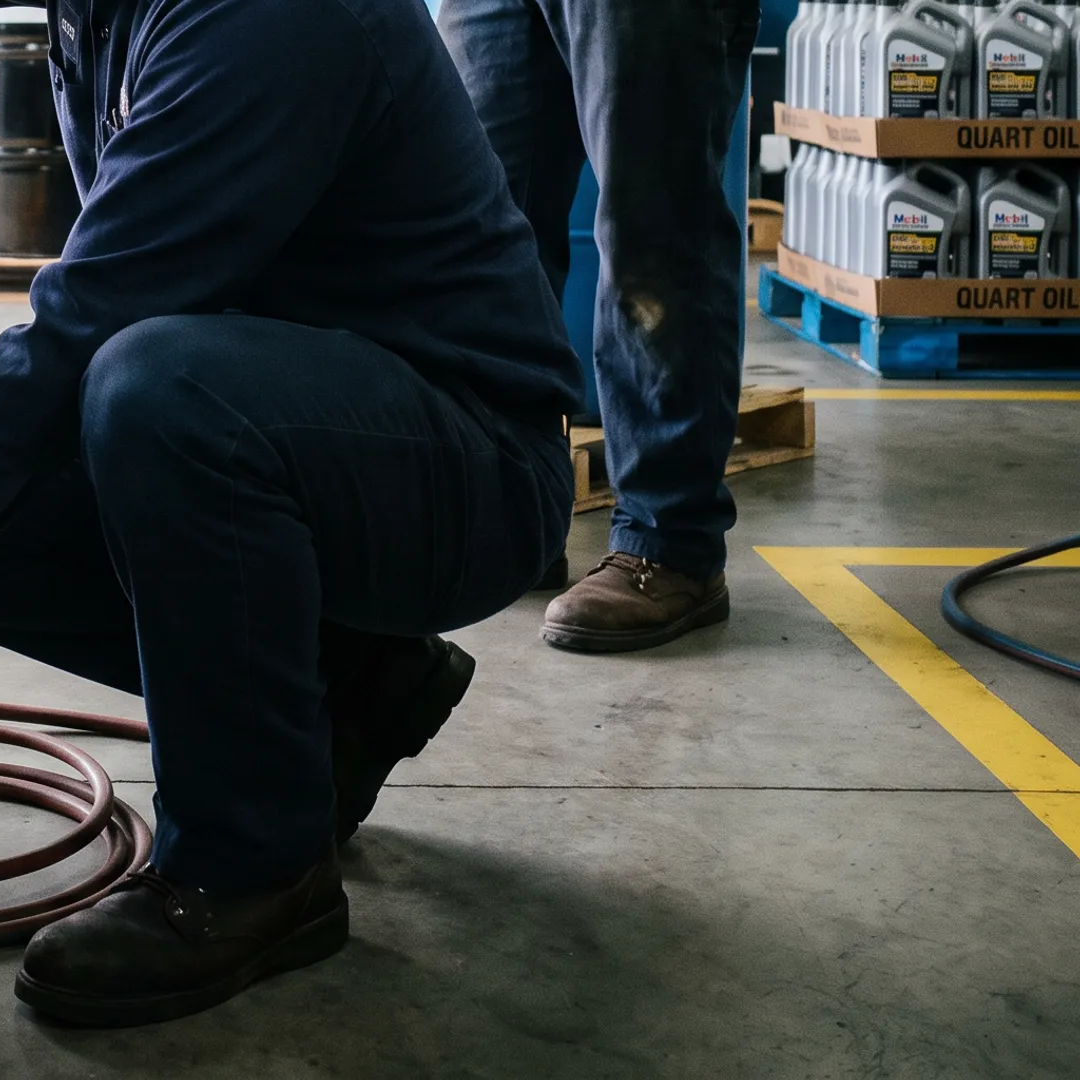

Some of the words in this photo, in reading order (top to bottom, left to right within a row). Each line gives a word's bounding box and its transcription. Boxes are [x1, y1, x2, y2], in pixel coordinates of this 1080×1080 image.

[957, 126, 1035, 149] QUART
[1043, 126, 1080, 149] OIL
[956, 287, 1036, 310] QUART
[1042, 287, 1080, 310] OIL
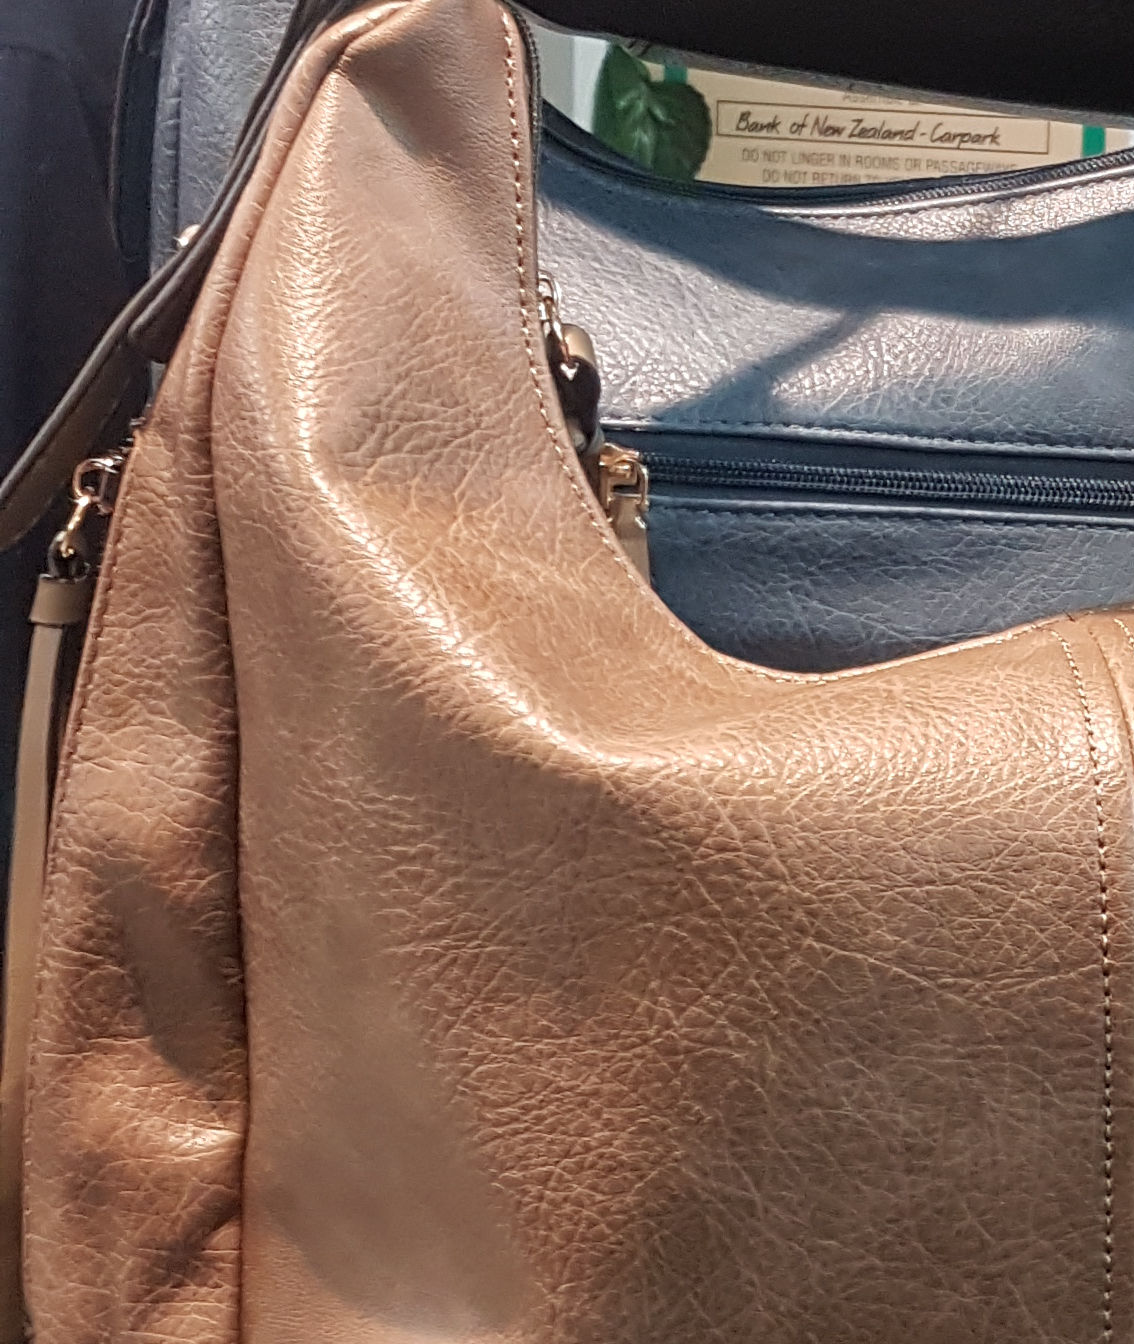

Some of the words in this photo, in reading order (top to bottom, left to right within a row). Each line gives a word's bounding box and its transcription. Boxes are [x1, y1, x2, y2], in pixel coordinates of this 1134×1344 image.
==
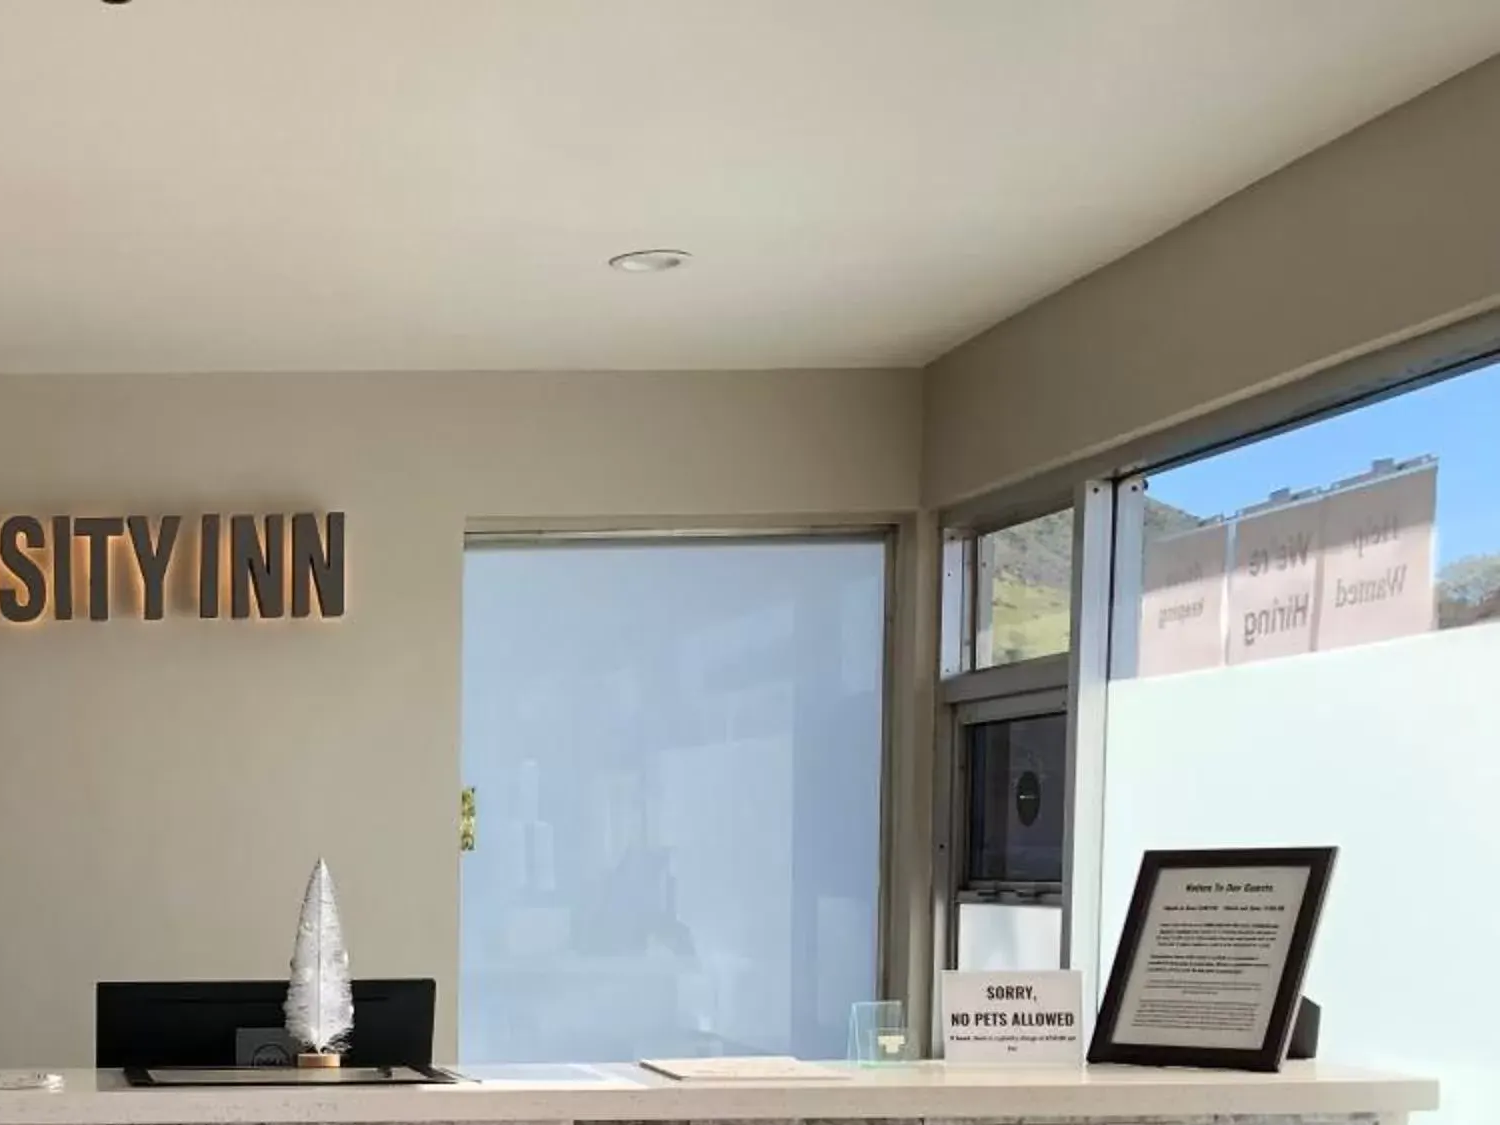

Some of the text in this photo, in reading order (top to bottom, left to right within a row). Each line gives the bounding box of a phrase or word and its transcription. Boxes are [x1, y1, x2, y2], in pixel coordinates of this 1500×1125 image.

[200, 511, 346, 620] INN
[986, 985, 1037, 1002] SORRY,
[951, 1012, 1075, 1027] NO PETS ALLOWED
...
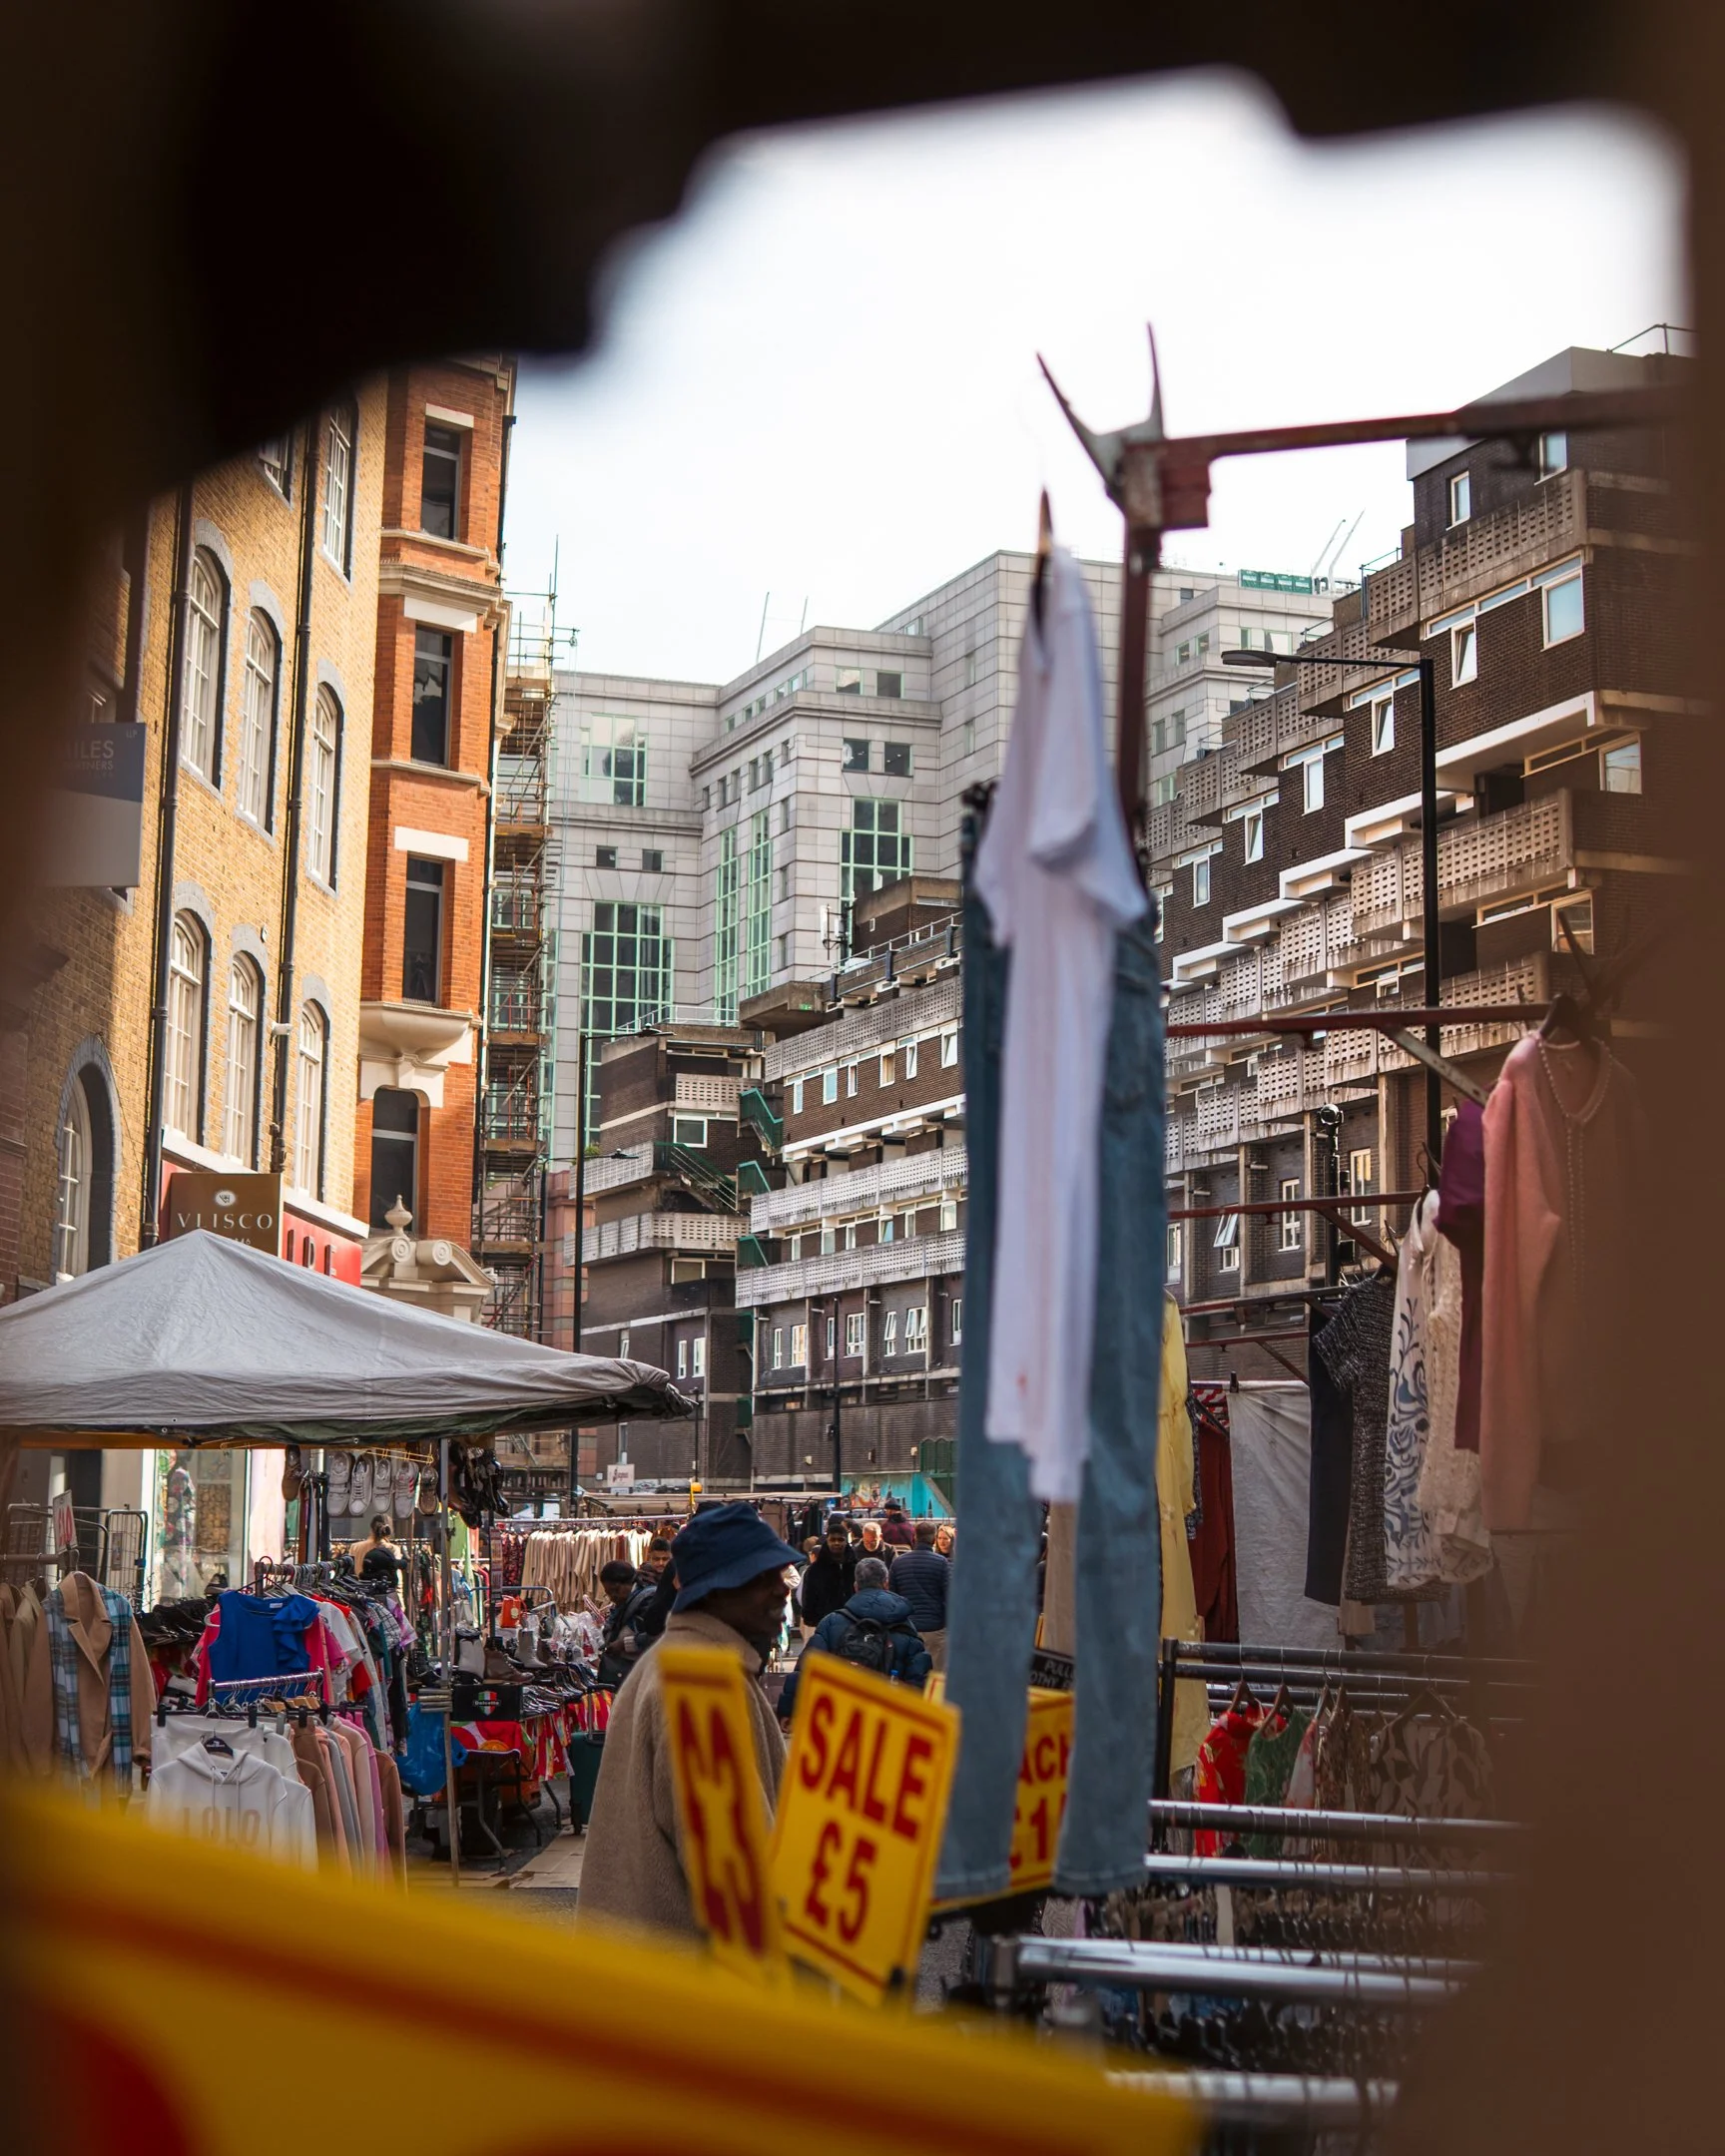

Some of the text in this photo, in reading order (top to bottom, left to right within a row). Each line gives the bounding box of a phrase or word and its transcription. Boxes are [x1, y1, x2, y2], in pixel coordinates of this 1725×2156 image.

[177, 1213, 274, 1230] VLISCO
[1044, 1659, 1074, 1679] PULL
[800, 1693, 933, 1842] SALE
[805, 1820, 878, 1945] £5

§ ASSIGNMENT
Give again, exactly as written above, every line from the one holding "this 1080×1080 image." to the one holding "this 1134×1344 image.", with both ends kept and the pictures left out.

§ SOLUTION TO THE PROBLEM
Some of the words in this photo, in reading order (top to bottom, left to right within a row). Each line gives a word's bounding box and its transcription. Boxes are [x1, y1, x2, y2], in pixel coordinates of this 1080×1080 image.

[957, 126, 1035, 149] QUART
[1043, 126, 1080, 149] OIL
[956, 287, 1036, 310] QUART
[1042, 287, 1080, 310] OIL

Some of the words in this photo, in reading order (top to bottom, left to right within a row). Each line gives a word's bounding box and its transcription. Boxes are [x1, y1, x2, y2], in pixel coordinates of this 1134×1344 image.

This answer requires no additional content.